- Your instructions:
Images do not belong in the copy. Retype the entries exactly.

Text-to-region grounding data
────────

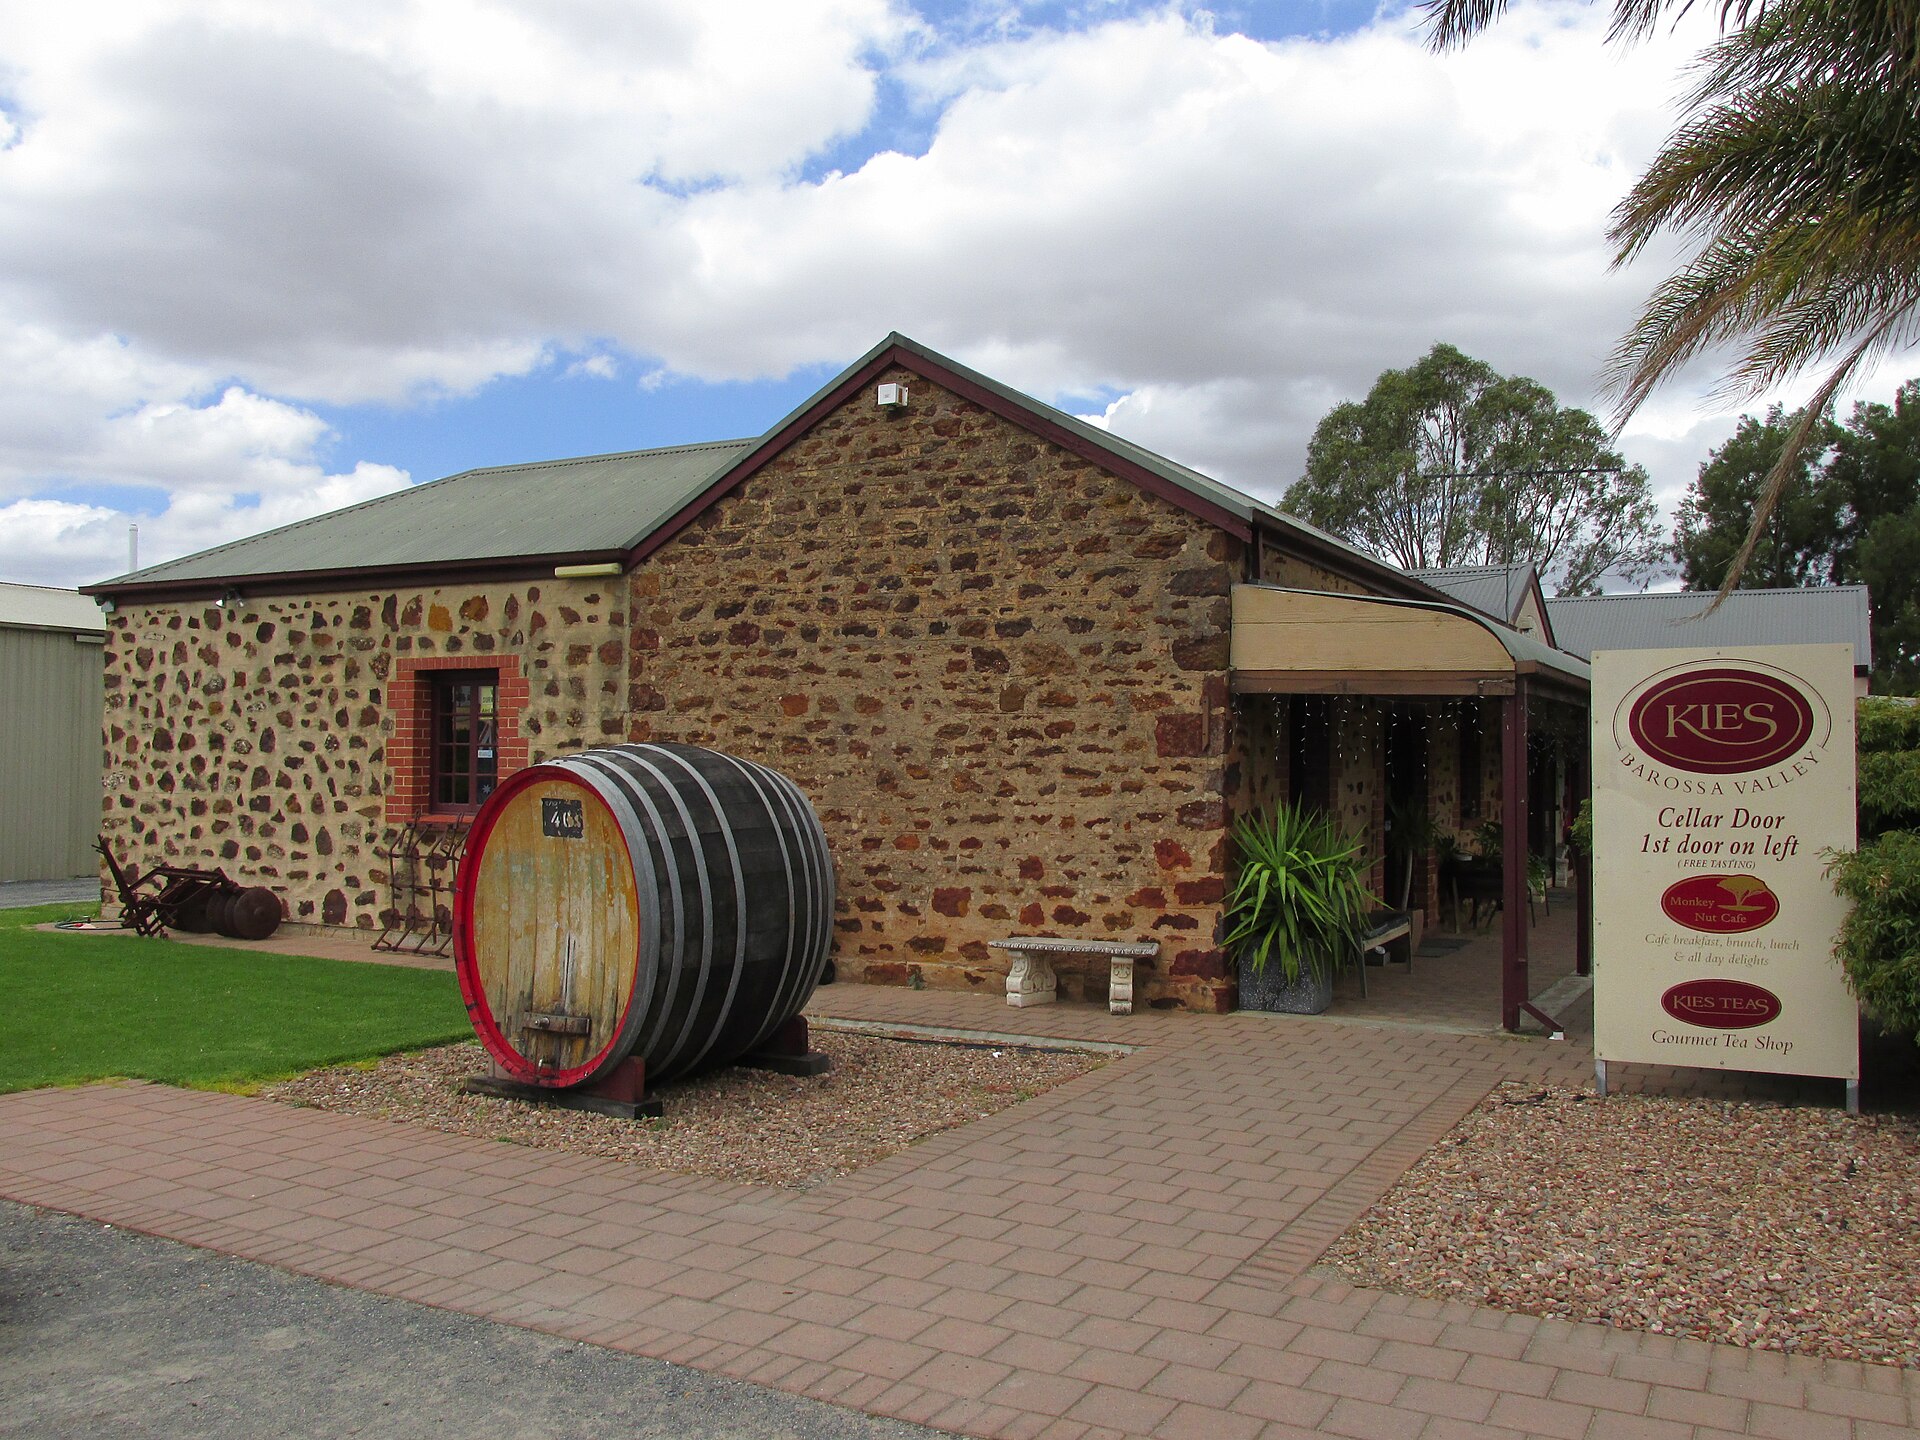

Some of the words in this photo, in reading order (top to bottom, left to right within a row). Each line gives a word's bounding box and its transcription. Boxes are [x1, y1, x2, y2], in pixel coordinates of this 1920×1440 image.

[1665, 703, 1777, 745] KIES
[1620, 752, 1723, 795] BAROSSA
[1734, 750, 1820, 794] VALLEY
[1658, 807, 1724, 829] Cellar
[1730, 808, 1785, 829] Door
[1641, 833, 1670, 854] 1st
[1677, 834, 1724, 854] door
[1729, 842, 1755, 855] on
[1763, 835, 1800, 861] left
[1710, 859, 1756, 870] TASTING)
[1670, 897, 1716, 909] Monkey
[1695, 913, 1717, 922] Nut
[1721, 913, 1747, 923] Cafe
[1645, 933, 1671, 946] Cafe
[1673, 935, 1723, 948] breakfast,
[1726, 937, 1766, 950] brunch,
[1769, 939, 1800, 951] lunch
[1674, 952, 1685, 962] &
[1687, 952, 1702, 963] all
[1705, 954, 1724, 967] day
[1728, 954, 1770, 967] delights
[1672, 995, 1716, 1010] KIES
[1718, 998, 1769, 1016] TEAS
[1652, 1030, 1718, 1047] Gourmet
[1722, 1033, 1748, 1048] Tea
[1755, 1035, 1794, 1055] Shop
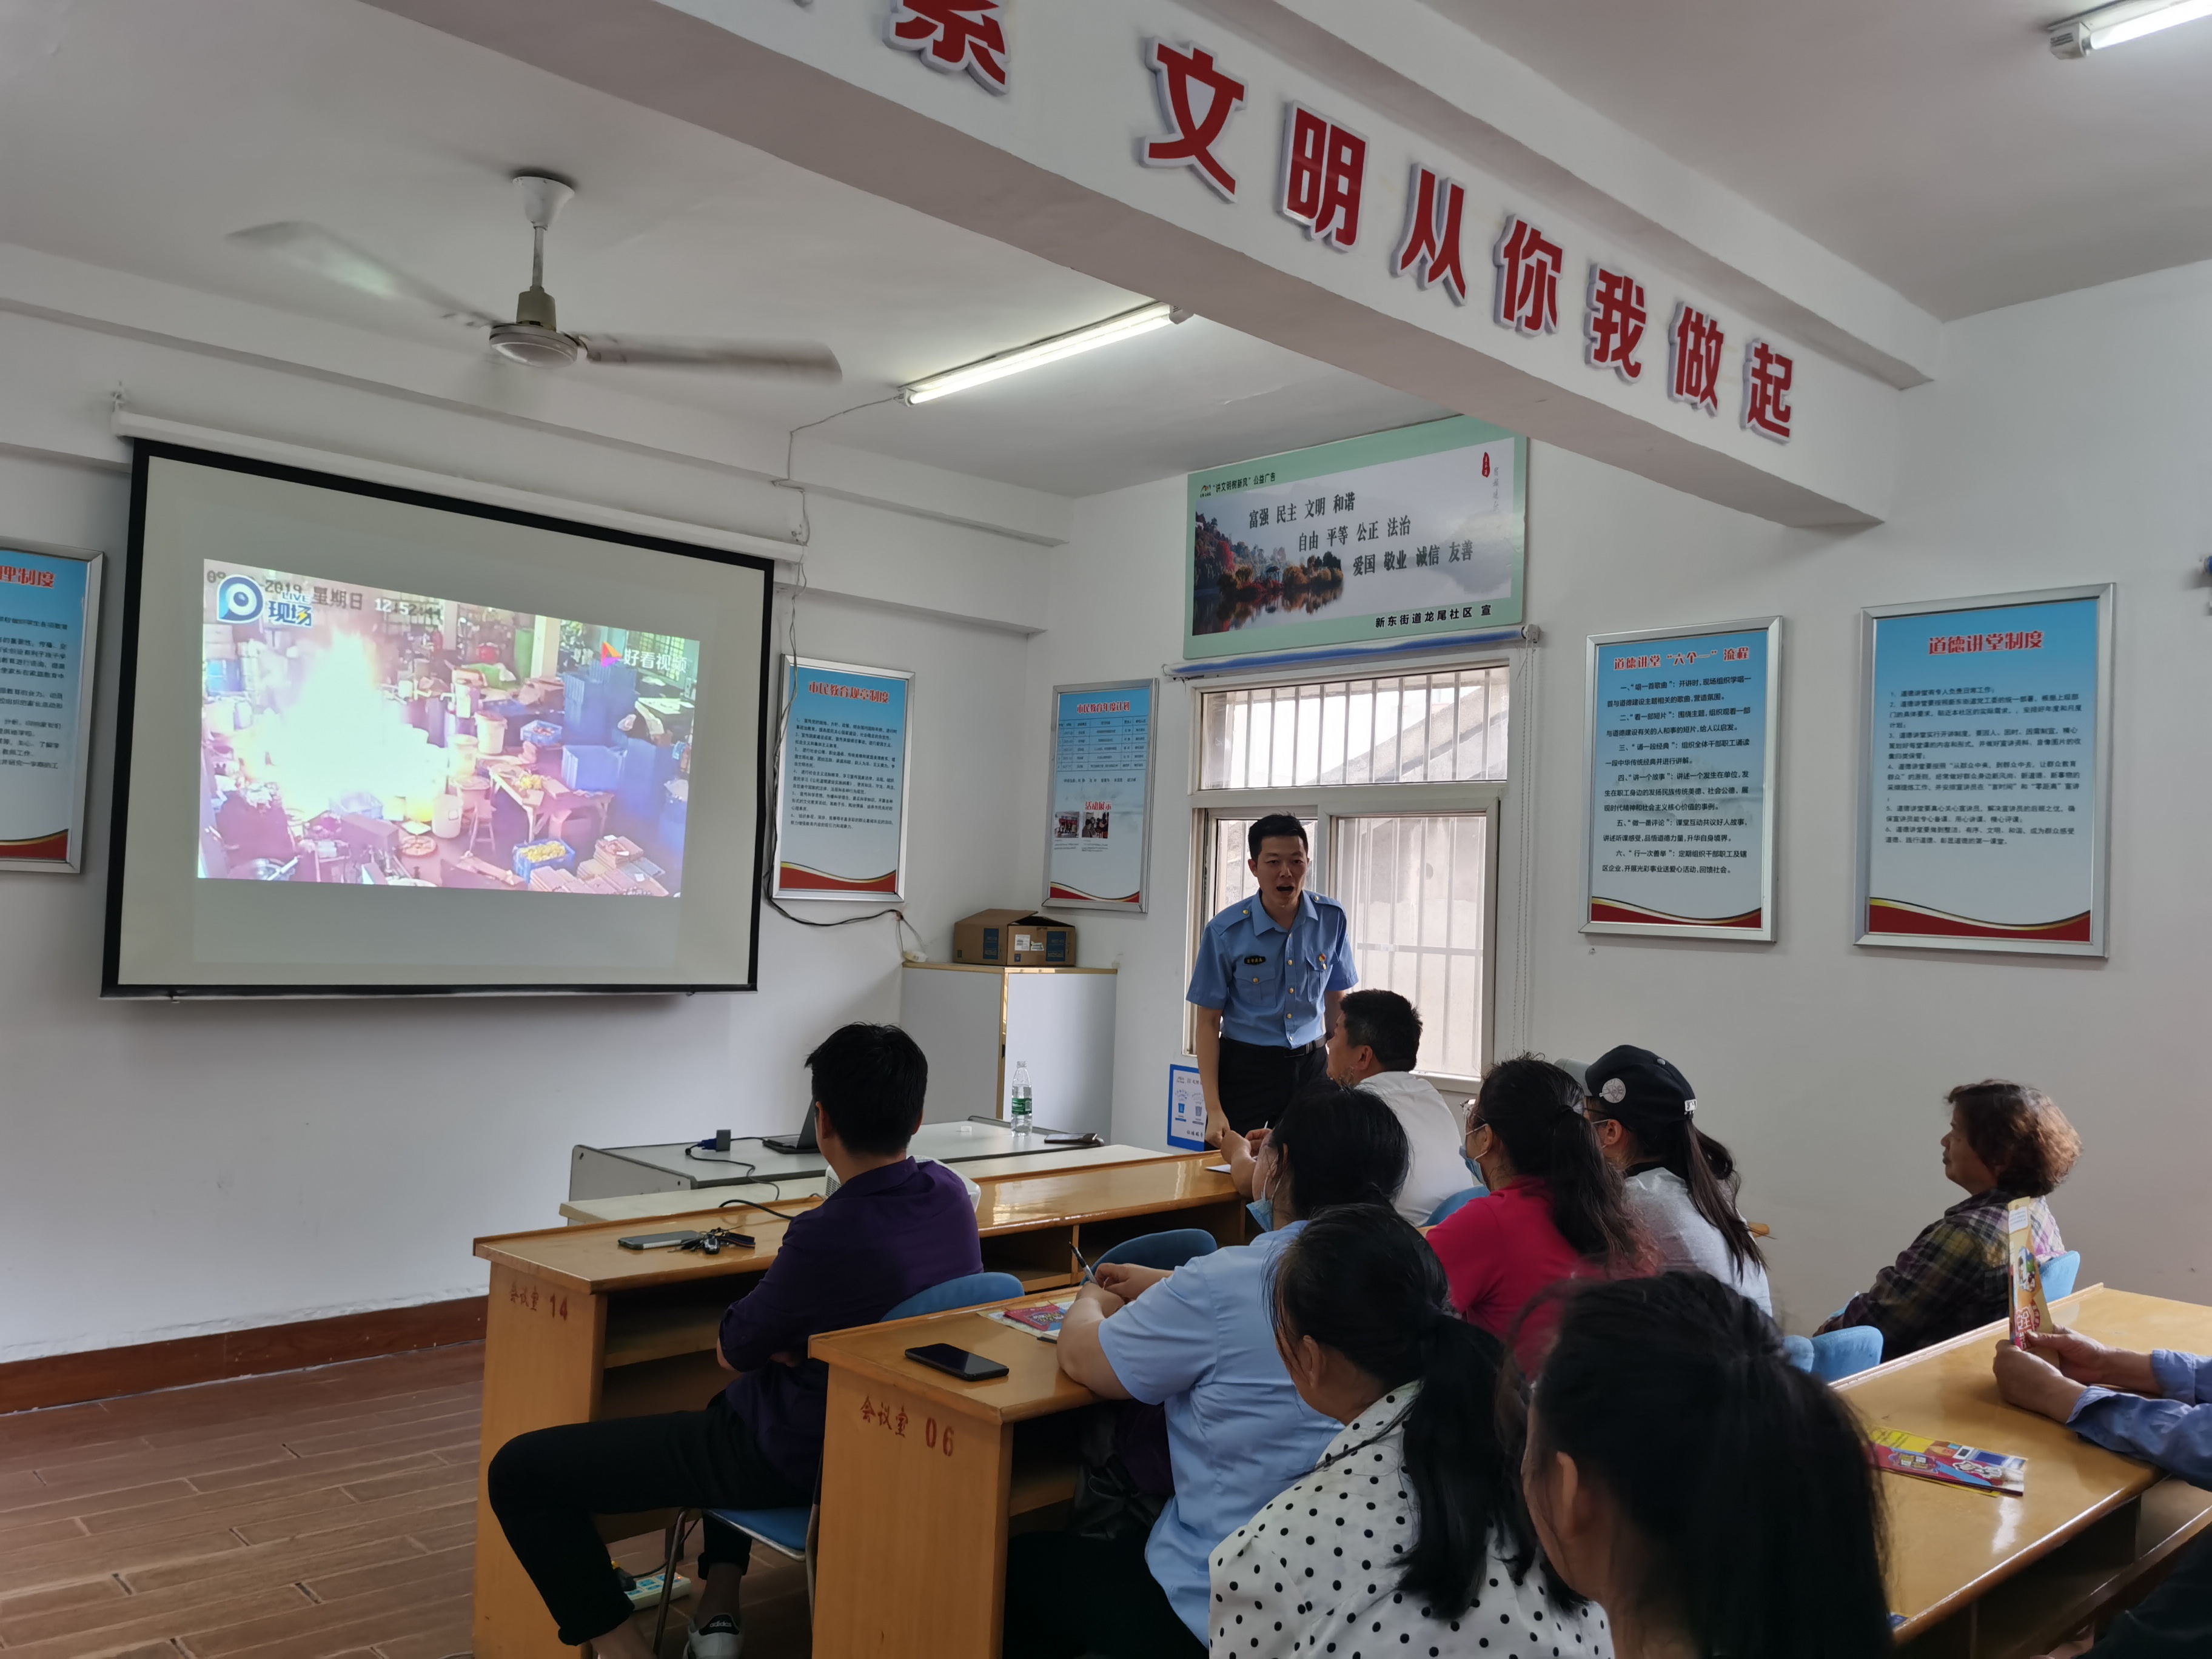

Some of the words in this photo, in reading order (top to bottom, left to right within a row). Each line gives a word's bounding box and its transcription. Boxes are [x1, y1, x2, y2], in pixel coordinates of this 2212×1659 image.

────────

- Answer to this task:
Some of the words in this photo, in reading order (top to bottom, left to right within a row). Each line gives a word's bounding box and its transcription. Boxes are [x1, y1, x2, y2], in pixel coordinates of this 1920×1440 image.

[1665, 703, 1777, 745] KIES
[1620, 752, 1723, 795] BAROSSA
[1734, 750, 1820, 794] VALLEY
[1658, 807, 1724, 829] Cellar
[1730, 808, 1785, 829] Door
[1641, 833, 1670, 854] 1st
[1677, 834, 1724, 854] door
[1729, 842, 1755, 855] on
[1763, 835, 1800, 861] left
[1710, 859, 1756, 870] TASTING)
[1670, 897, 1716, 909] Monkey
[1695, 913, 1717, 922] Nut
[1721, 913, 1747, 923] Cafe
[1645, 933, 1671, 946] Cafe
[1673, 935, 1723, 948] breakfast,
[1726, 937, 1766, 950] brunch,
[1769, 939, 1800, 951] lunch
[1674, 952, 1685, 962] &
[1687, 952, 1702, 963] all
[1705, 954, 1724, 967] day
[1728, 954, 1770, 967] delights
[1672, 995, 1716, 1010] KIES
[1718, 998, 1769, 1016] TEAS
[1652, 1030, 1718, 1047] Gourmet
[1722, 1033, 1748, 1048] Tea
[1755, 1035, 1794, 1055] Shop

Some of the words in this photo, in reading order (top to bottom, left to right within a row). Each line gives a word's bounding box and its transcription. Boxes are [x1, y1, x2, y2], in pixel coordinates of this 2212×1659 image.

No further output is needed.